The vertex file maps each numeric vertex ID to a hostname. host vertices streams it:

ccrawl host vertices -n 10
ccrawl host vertices --graph cc-main-2026-mar-apr-may -n 5 -o jsonl

This is useful when joining edge files (which use vertex IDs) back to human-readable names.

The edge files record domain-level links. host degrees streams all edge files (~7.7 GB) and computes in-degree and out-degree for every host:

ccrawl host degrees -n 100 -o table
ccrawl host degrees -o jsonl > degrees.jsonl

This is a large scan. Run it on a machine with a fast connection, or pipe to a file and query locally.

CDX statistics per host

host cdx queries the columnar Parquet index and returns per-host URL counts, HTTP status breakdown, top MIME type, language, first/last seen crawl, and total bytes:

ccrawl host cdx --filter golang.org -o json     # one host
ccrawl host cdx -n 100 -o jsonl                 # top 100 hosts by URL count

Without --filter this scans ~184 GB of Parquet. It requires duckdb on your PATH. The query runs directly against the public S3 Parquet index, so no local download is needed.

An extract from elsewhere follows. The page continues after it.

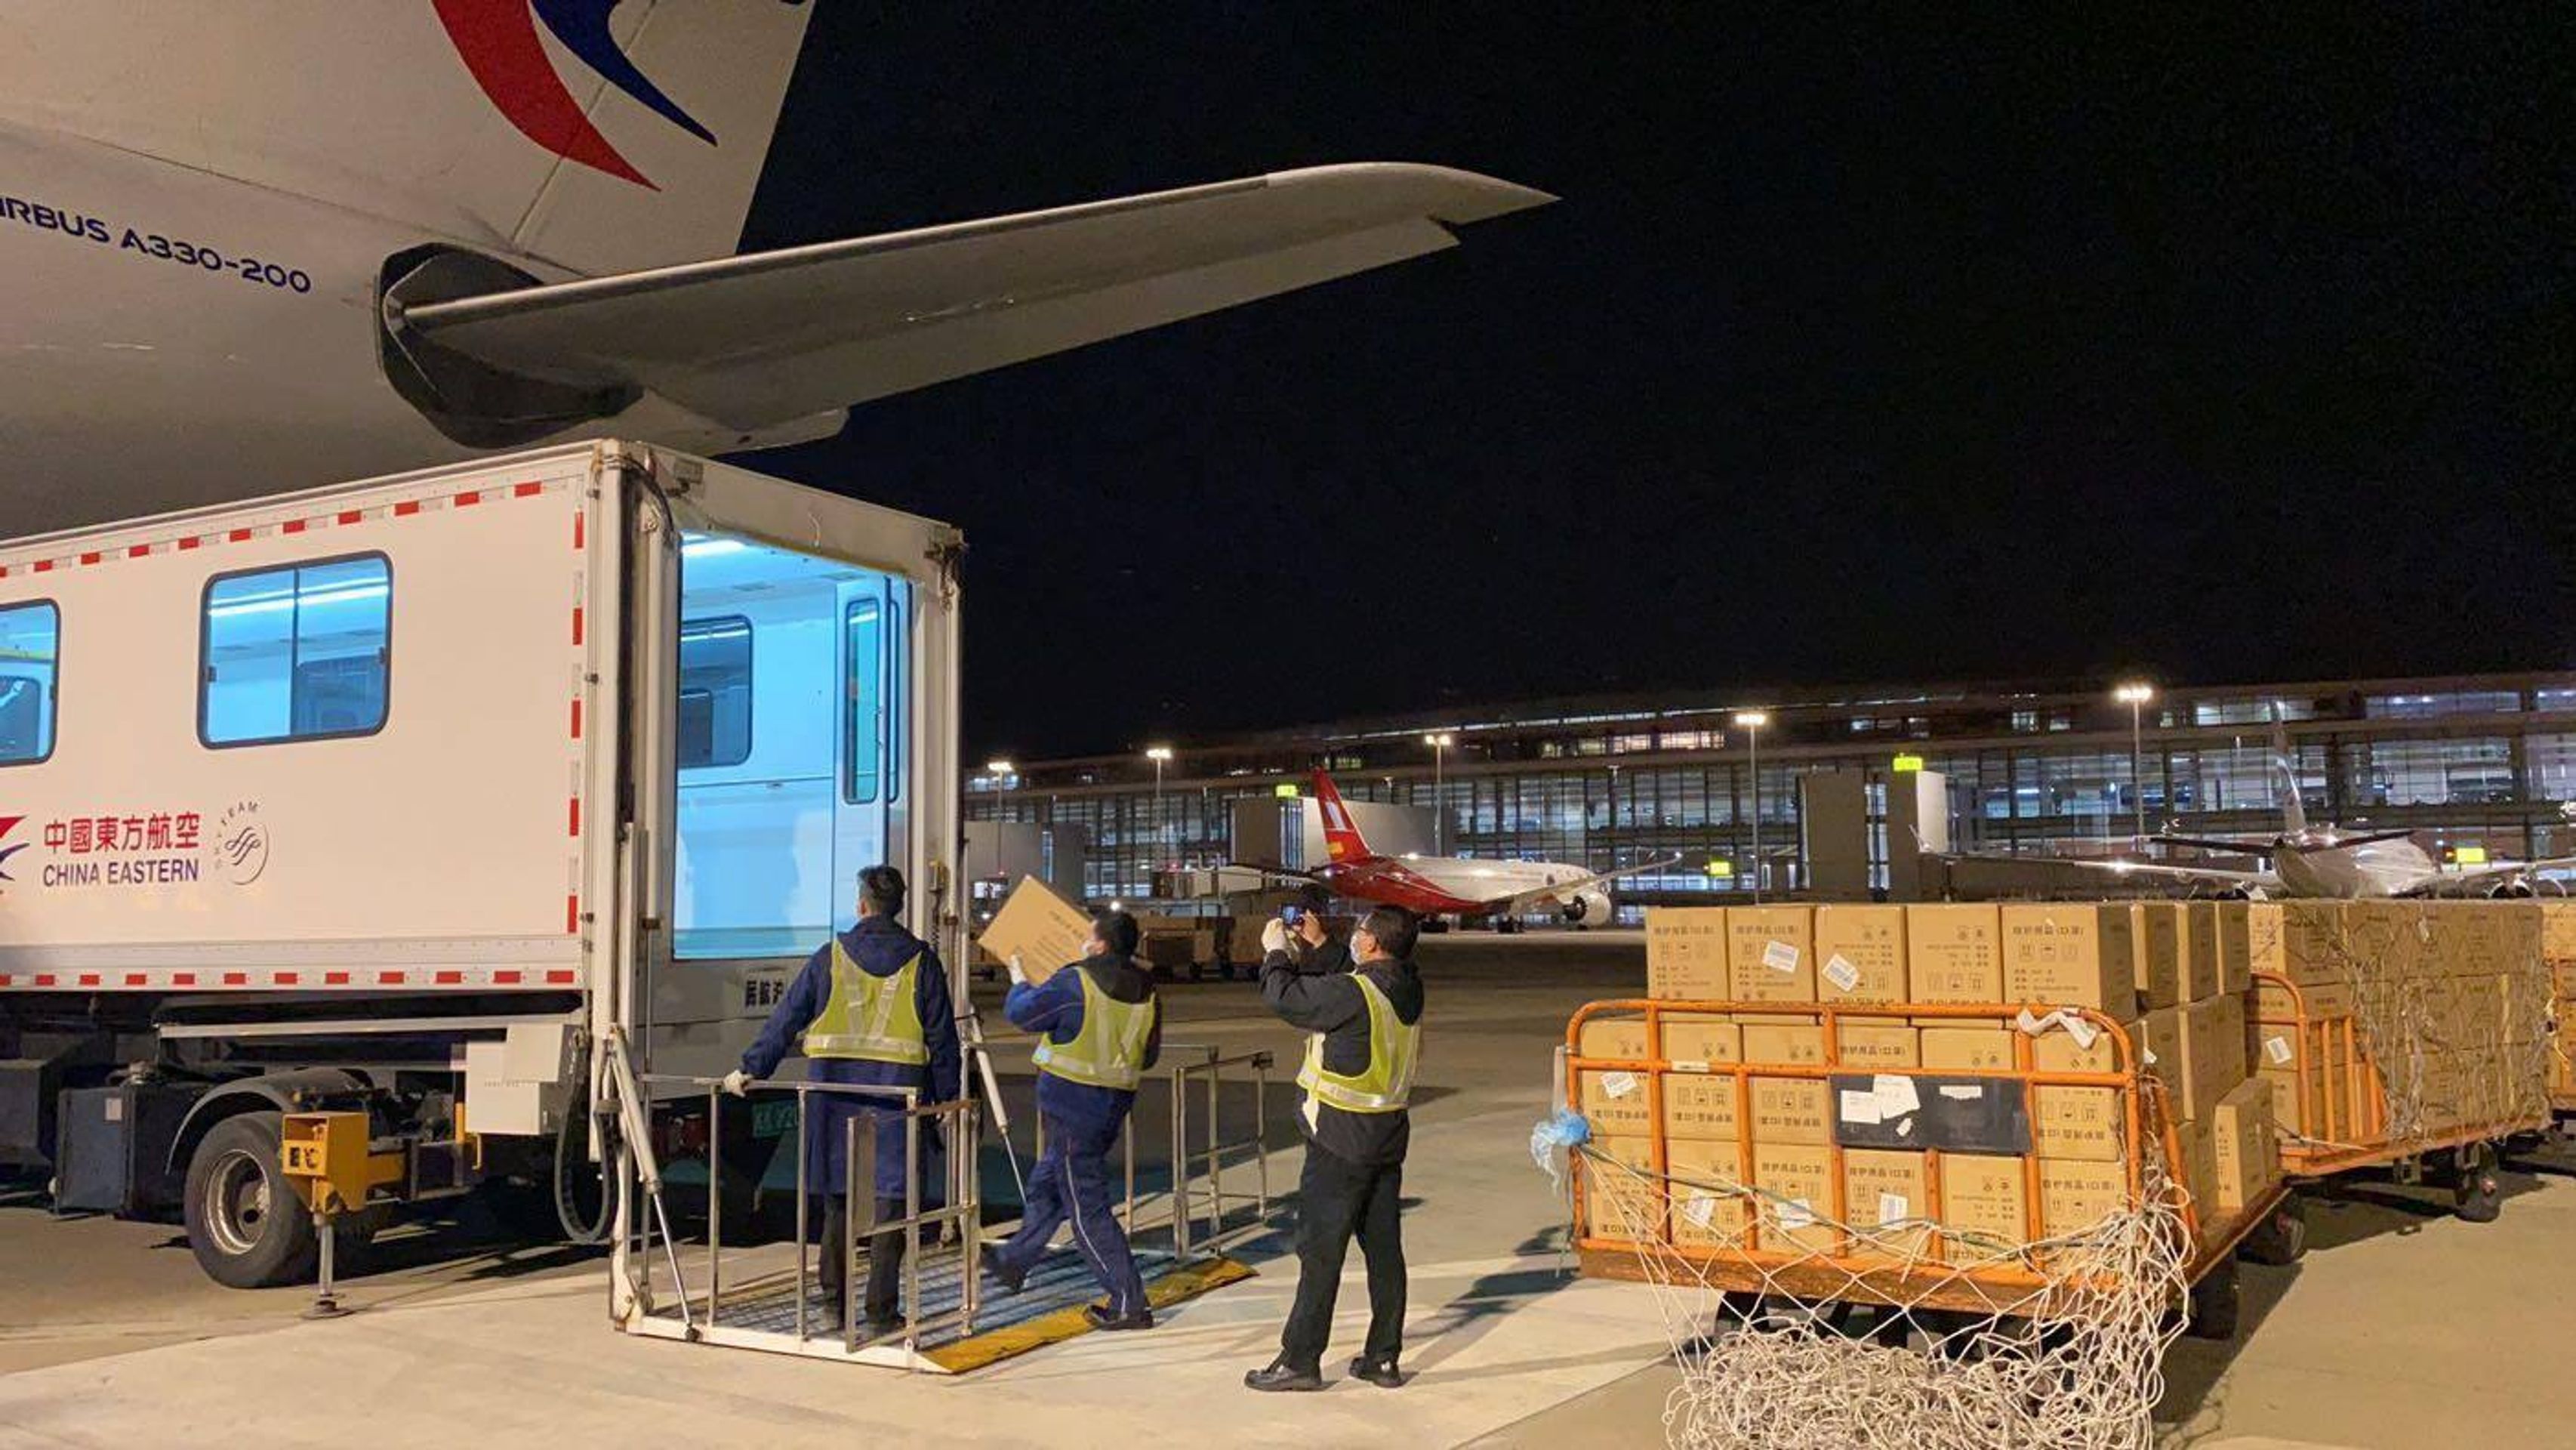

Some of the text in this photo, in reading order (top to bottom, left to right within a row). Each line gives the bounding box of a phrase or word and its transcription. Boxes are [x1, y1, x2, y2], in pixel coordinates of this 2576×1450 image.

[121, 228, 311, 293] A330-200
[44, 811, 200, 854] 中國東方航空
[43, 858, 199, 887] CHINA EASTERN

Building the full host dataset

host dataset builds a complete, pre-joined host dataset covering all 262 million hosts Common Crawl has ever seen. The output is partitioned Parquet shards — one per alphabet prefix plus 0 and misc — ready to upload to HuggingFace or query locally.

ccrawl host dataset \
  --work-dir /data/cc-work \
  --out-dir  /data/cc-shards

The pipeline runs four phases in sequence:

Phase What happens Typical time (server)
CDX raw extract Downloads ~184 GB of Parquet across 302 files with 8 parallel workers, fans each row to a per-prefix .jsonl.gz file ~2–3 h
CDX aggregate Groups raw rows by host using a local Go pass; no network I/O ~15–30 min
Rank split Streams the rank table (~2.8 GB) and fans it to 28 per-prefix .tsv.gz files ~10 min
Shard build Joins CDX + rank for each prefix and writes hosts-{x}.parquet ~8 min

Every phase writes a .done marker so the run resumes cleanly if interrupted:

# resume after a crash or power cut — already-done phases are skipped
ccrawl host dataset --work-dir /data/cc-work --out-dir /data/cc-shards

Tune the CDX worker count to your connection's bandwidth (default 8 is safe; raise to 16 on a fast server):

ccrawl host dataset --cdx-workers 16 --work-dir /data/cc-work --out-dir /data/cc-shards

Upload each shard to HuggingFace as it finishes and delete the local copy:

ccrawl host dataset \
  --work-dir /data/cc-work \
  --out-dir  /data/cc-shards \
  --upload \
  --hf-repo  your-org/cc-host-dataset

Process a single prefix first to measure throughput on your machine before running all 28:

ccrawl host dataset --prefix a --work-dir /data/cc-work --out-dir /data/cc-shards

Full enrichment pipeline

host enrich runs all four phases in one command and streams enriched HostRecord rows:

ccrawl host enrich -n 20                                 # rank only (fast)
ccrawl host enrich --degrees -n 100                      # rank + degrees
ccrawl host enrich --degrees --cdx -o jsonl > out.jsonl  # full enrichment

The phases are:

Phase Flag Data scanned What it adds
1+5 always rank table (~2.8 GB) harmonic rank and value
2 always vertex file (~1.1 GB) vertex ID map (used for degree join)
3 --degrees edge files (~7.7 GB) in-degree, out-degree
4 --cdx CDX Parquet (~184 GB) URL count, status mix, language, bytes

Phases 3 and 4 are opt-in because they require large data scans. Phase 4 requires duckdb on your PATH.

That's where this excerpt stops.